-- Exercise inputs follows --
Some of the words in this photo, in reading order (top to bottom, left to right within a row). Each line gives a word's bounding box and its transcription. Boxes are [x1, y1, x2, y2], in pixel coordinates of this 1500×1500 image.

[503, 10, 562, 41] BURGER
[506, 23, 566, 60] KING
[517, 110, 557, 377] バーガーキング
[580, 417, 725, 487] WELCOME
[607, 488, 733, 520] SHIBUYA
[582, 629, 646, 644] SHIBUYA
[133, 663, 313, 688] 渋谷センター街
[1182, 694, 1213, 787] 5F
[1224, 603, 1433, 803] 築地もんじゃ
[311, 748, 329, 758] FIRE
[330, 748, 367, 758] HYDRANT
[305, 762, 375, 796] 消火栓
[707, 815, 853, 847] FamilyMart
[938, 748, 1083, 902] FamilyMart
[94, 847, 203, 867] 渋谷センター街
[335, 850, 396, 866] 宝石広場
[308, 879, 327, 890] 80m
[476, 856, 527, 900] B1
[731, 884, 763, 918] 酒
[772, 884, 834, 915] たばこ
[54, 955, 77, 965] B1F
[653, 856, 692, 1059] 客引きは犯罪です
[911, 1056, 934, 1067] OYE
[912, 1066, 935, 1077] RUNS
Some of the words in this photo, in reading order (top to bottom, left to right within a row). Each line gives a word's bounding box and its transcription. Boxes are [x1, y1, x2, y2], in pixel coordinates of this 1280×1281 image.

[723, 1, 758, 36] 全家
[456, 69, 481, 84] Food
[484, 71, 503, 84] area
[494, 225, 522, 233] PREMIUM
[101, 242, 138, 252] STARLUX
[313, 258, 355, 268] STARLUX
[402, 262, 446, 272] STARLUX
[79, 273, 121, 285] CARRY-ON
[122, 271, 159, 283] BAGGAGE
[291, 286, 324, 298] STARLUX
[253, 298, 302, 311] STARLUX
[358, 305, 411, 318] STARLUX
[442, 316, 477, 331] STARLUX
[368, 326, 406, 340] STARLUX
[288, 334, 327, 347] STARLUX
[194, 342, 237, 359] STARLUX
-- Exercise inputs concluded --
● **Problem description**: Copy every line above without changes.

● **Solution below**:
Some of the words in this photo, in reading order (top to bottom, left to right within a row). Each line gives a word's bounding box and its transcription. Boxes are [x1, y1, x2, y2], in pixel coordinates of this 1500×1500 image.

[503, 10, 562, 41] BURGER
[506, 23, 566, 60] KING
[517, 110, 557, 377] バーガーキング
[580, 417, 725, 487] WELCOME
[607, 488, 733, 520] SHIBUYA
[582, 629, 646, 644] SHIBUYA
[133, 663, 313, 688] 渋谷センター街
[1182, 694, 1213, 787] 5F
[1224, 603, 1433, 803] 築地もんじゃ
[311, 748, 329, 758] FIRE
[330, 748, 367, 758] HYDRANT
[305, 762, 375, 796] 消火栓
[707, 815, 853, 847] FamilyMart
[938, 748, 1083, 902] FamilyMart
[94, 847, 203, 867] 渋谷センター街
[335, 850, 396, 866] 宝石広場
[308, 879, 327, 890] 80m
[476, 856, 527, 900] B1
[731, 884, 763, 918] 酒
[772, 884, 834, 915] たばこ
[54, 955, 77, 965] B1F
[653, 856, 692, 1059] 客引きは犯罪です
[911, 1056, 934, 1067] OYE
[912, 1066, 935, 1077] RUNS
Some of the words in this photo, in reading order (top to bottom, left to right within a row). Each line gives a word's bounding box and its transcription. Boxes are [x1, y1, x2, y2], in pixel coordinates of this 1280×1281 image.

[723, 1, 758, 36] 全家
[456, 69, 481, 84] Food
[484, 71, 503, 84] area
[494, 225, 522, 233] PREMIUM
[101, 242, 138, 252] STARLUX
[313, 258, 355, 268] STARLUX
[402, 262, 446, 272] STARLUX
[79, 273, 121, 285] CARRY-ON
[122, 271, 159, 283] BAGGAGE
[291, 286, 324, 298] STARLUX
[253, 298, 302, 311] STARLUX
[358, 305, 411, 318] STARLUX
[442, 316, 477, 331] STARLUX
[368, 326, 406, 340] STARLUX
[288, 334, 327, 347] STARLUX
[194, 342, 237, 359] STARLUX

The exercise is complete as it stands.